You also have to make sure to call out the good feedback. Knowing what you did well can help you keep doing those good things. I’ve had a few customer feedback calls, where the vast majority of the feedback I got was very positive. After one of these rather positive the meetings, I got a message from someone, telling me the meeting had been a waste of time because we were just patting each other on the back. I disagreed.
We don’t always know we are doing well, let alone exactly what we are doing well. Whenever I get positive feedback that is specific, it doesn’t just boost my confidence, it helps me know exactly what I should keep doing. This is the same with bid teams. Going through the positive feedback reinforces what you’re already doing so that you keep doing it.

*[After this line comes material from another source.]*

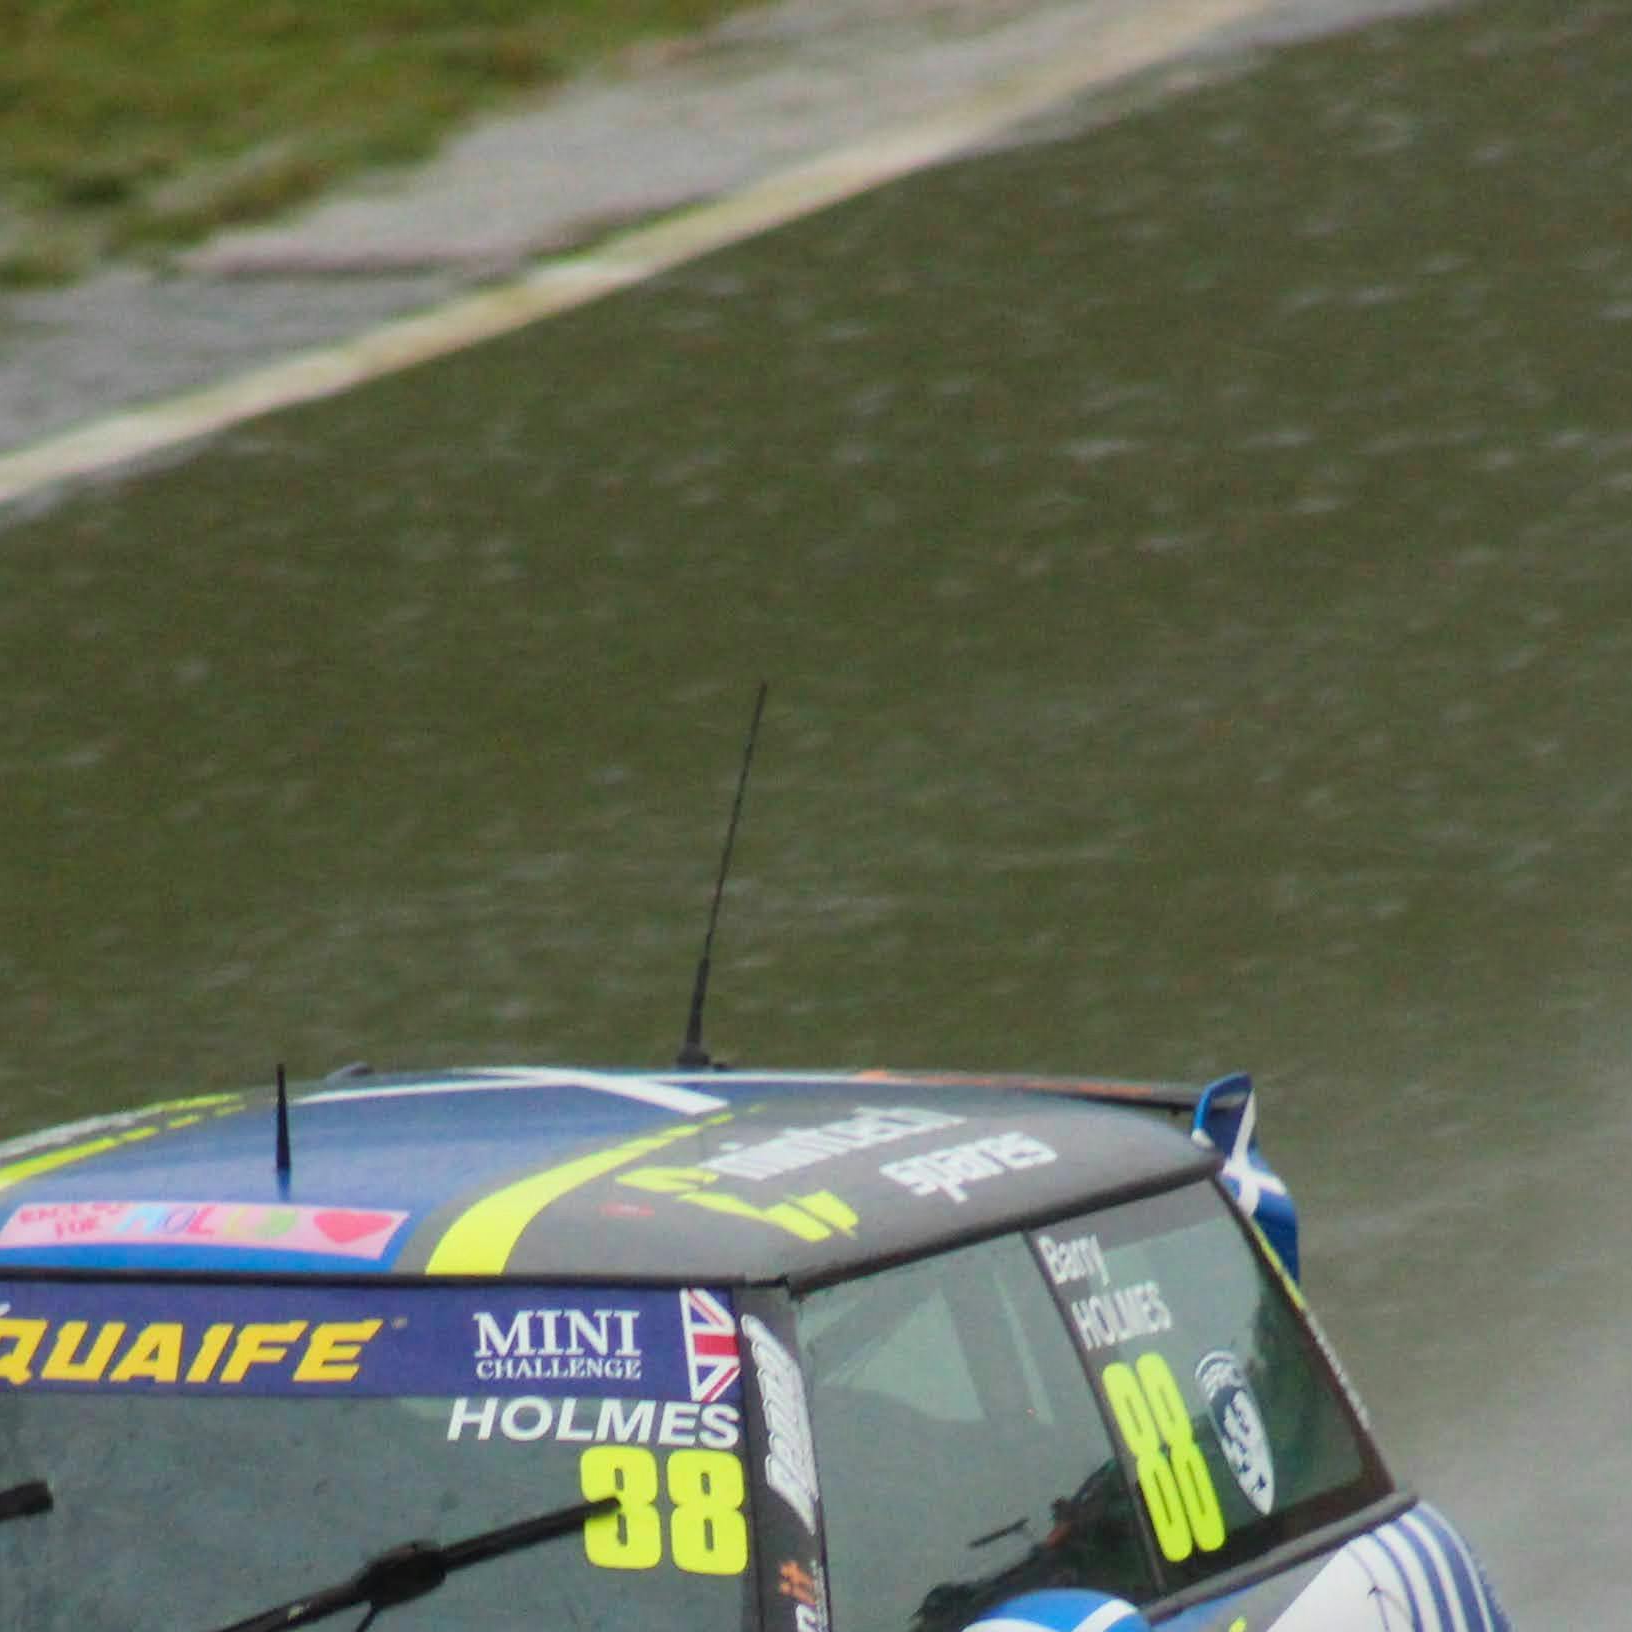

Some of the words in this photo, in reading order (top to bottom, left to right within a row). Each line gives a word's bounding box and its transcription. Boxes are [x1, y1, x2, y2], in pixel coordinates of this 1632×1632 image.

In one of my past companies, we started adding specific customer benefits to the beginning of our answers. It took a few hours of extra time to do this, and we weren’t sure if it was worth it; we almost made the decision to stop. But we started getting feedback on how some of the decision makers appreciated being able to quickly see how our product would benefit them. This feedback meant we kept spending the time to make sure we kept doing what we were doing - which lead to winning more deals.
Conclusion.
Go through the good feedback. Go through critical feedback. Set clear next steps. Improve. Win more bids! Simple, eh?
Feedback is difficult, and it takes a crazy amount of practice. But it is one of the key ways you will get better and win more deals.
Your turn! What do you do to get customer feedback? What roadblocks have you hit and what are your best tips to your fellow bid teams?